Elazığ depreminde sözler tutuldu mu?

Depremin sarstığı İzmir’e 1 ay içinde inşaatlara başlama sözü verildi. Çevre ve Şehircilik Bakanı Murat Kurum, “Elazığ ve Malatya’da olduğu gibi 1 yıl içinde bitireceğiz” dedi. Hâlâ yüzlerce aile konteynerlerde yaşıyor…

  • Haber
  • |
  • Güncel
  • |
  • 10 Kasım 2020
  • 10:45

Elazığ’a depremden sonra verilen sözler tutuldu mu?

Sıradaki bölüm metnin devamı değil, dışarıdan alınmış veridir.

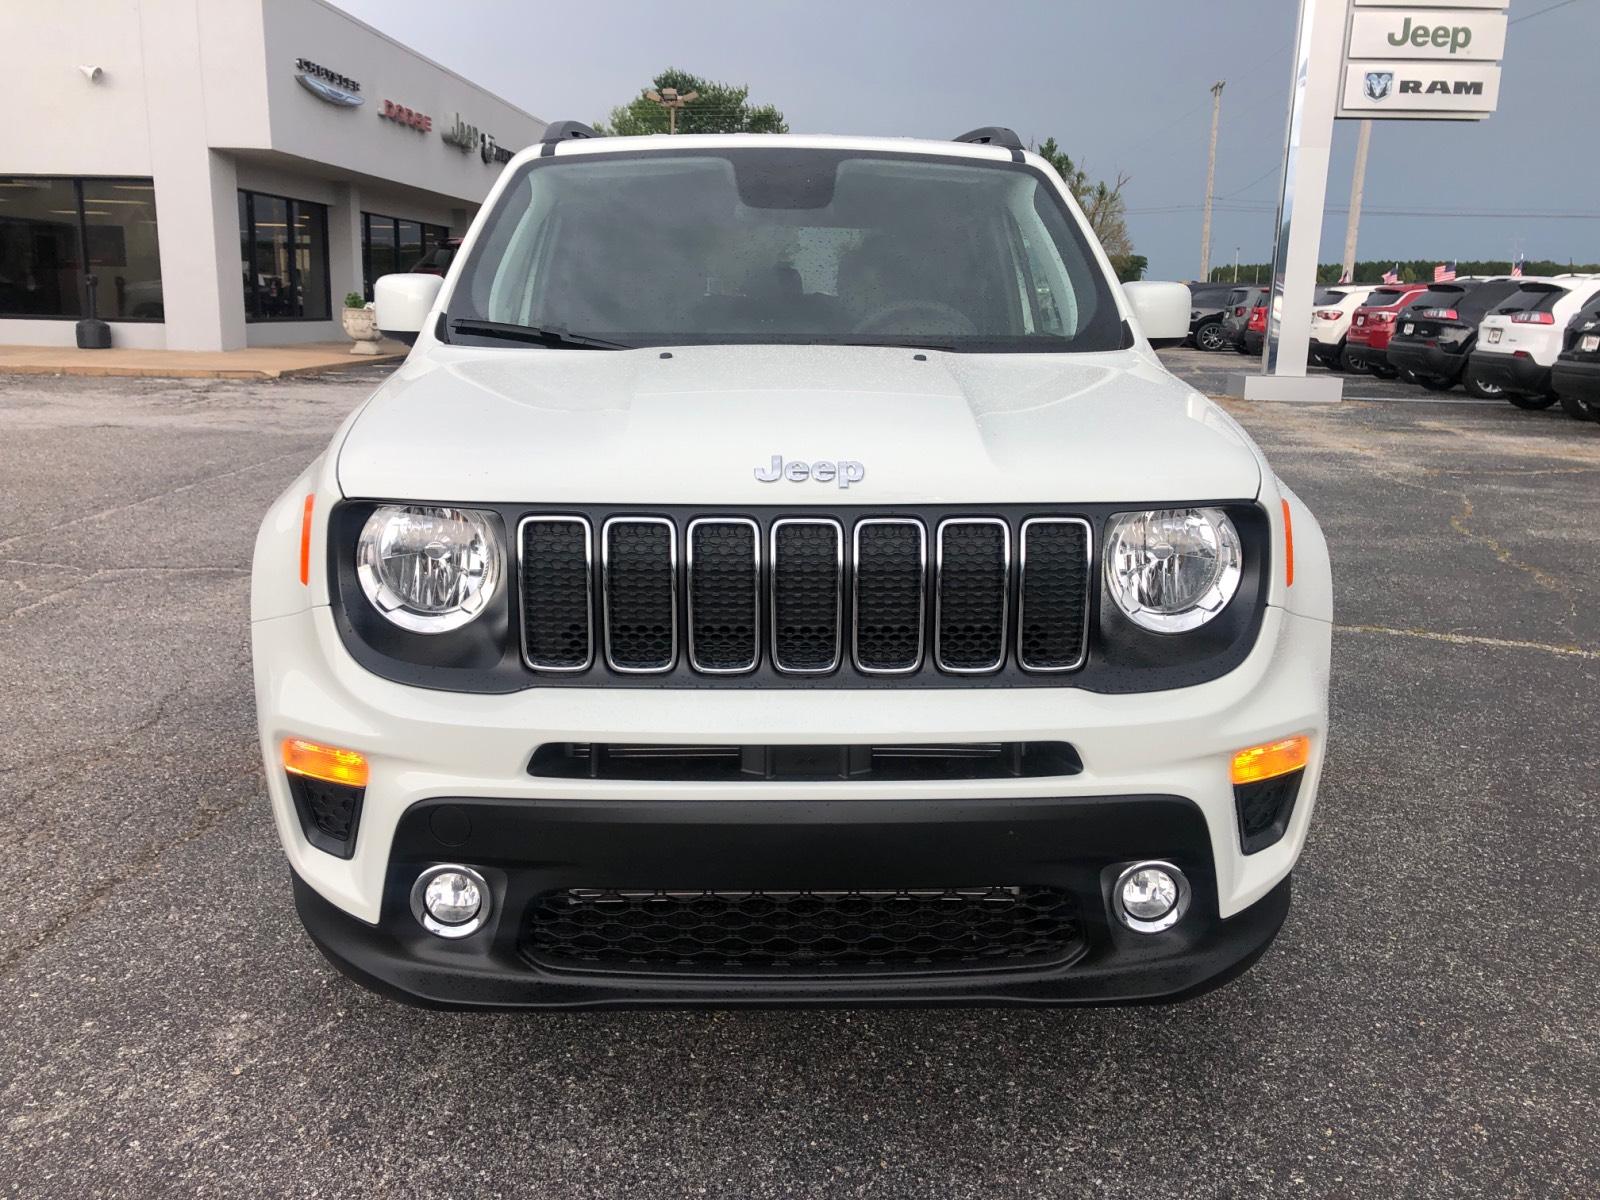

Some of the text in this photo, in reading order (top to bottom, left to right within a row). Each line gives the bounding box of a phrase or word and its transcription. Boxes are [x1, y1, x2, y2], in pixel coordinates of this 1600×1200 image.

[1387, 17, 1472, 54] Jeep
[1399, 80, 1483, 95] RAM
[754, 455, 865, 489] Jeep

Depremin sarstığı İzmir’e 1 ay içinde inşaatlara başlama sözü verildi. Çevre ve Şehircilik Bakanı Murat Kurum, “Elazığ ve Malatya’da olduğu gibi 1 yıl içinde bitireceğiz” dedi. Hâlâ yüzlerce aile konteynerlerde yaşıyor…

Türkiye İzmir depremini konuşurken, Elazığlı depremzedeler de mağduriyetlerinin giderilmesini bekliyor. Hâlâ binden fazla aile konteyner evlerde yaşarken, bazı kişiler kira yardımı alamamaktan, bazıları ise teslim edilen konutlardan şikayetçi… Gazete Duvar’dan Alper Budka’nın haberine göre şehirde daire kiralarının iki-üç katına çıkması, yıkım-yapım-onarım çalışmalarında sağlam binalara zarar verilmesi, söz konusu çalışmalardaki acelecilik ve plansızlık nedeniyle ortaya çıkan toz ve trafik sorunu, TOKİ sitelerinin kurulduğu bölgelerdeki okul, camii vb. eksiklikler de halkın şikâyetleri arasında…

Çevre ve Şehircilik Bakanı Murat Kurum, 24 Ocak’ta meydana gelen 6.8’lik depremin ardından yapılacak konutların yıl sonunda teslim edileceğini söylemişti. Bazı iddialara göre pandemi dolayısıyla, bazılarına göre ise kurumların koordinasyon eksikliği nedeniyle teslimatlar gecikti. Bu nedenle “konteyner kent”lerin yaklaşık yüzde 30’u boşaltılamadı. Söz konusu geçici evlerin yazın susuzluk, kışın da ısınma sorunundan bahsediliyor.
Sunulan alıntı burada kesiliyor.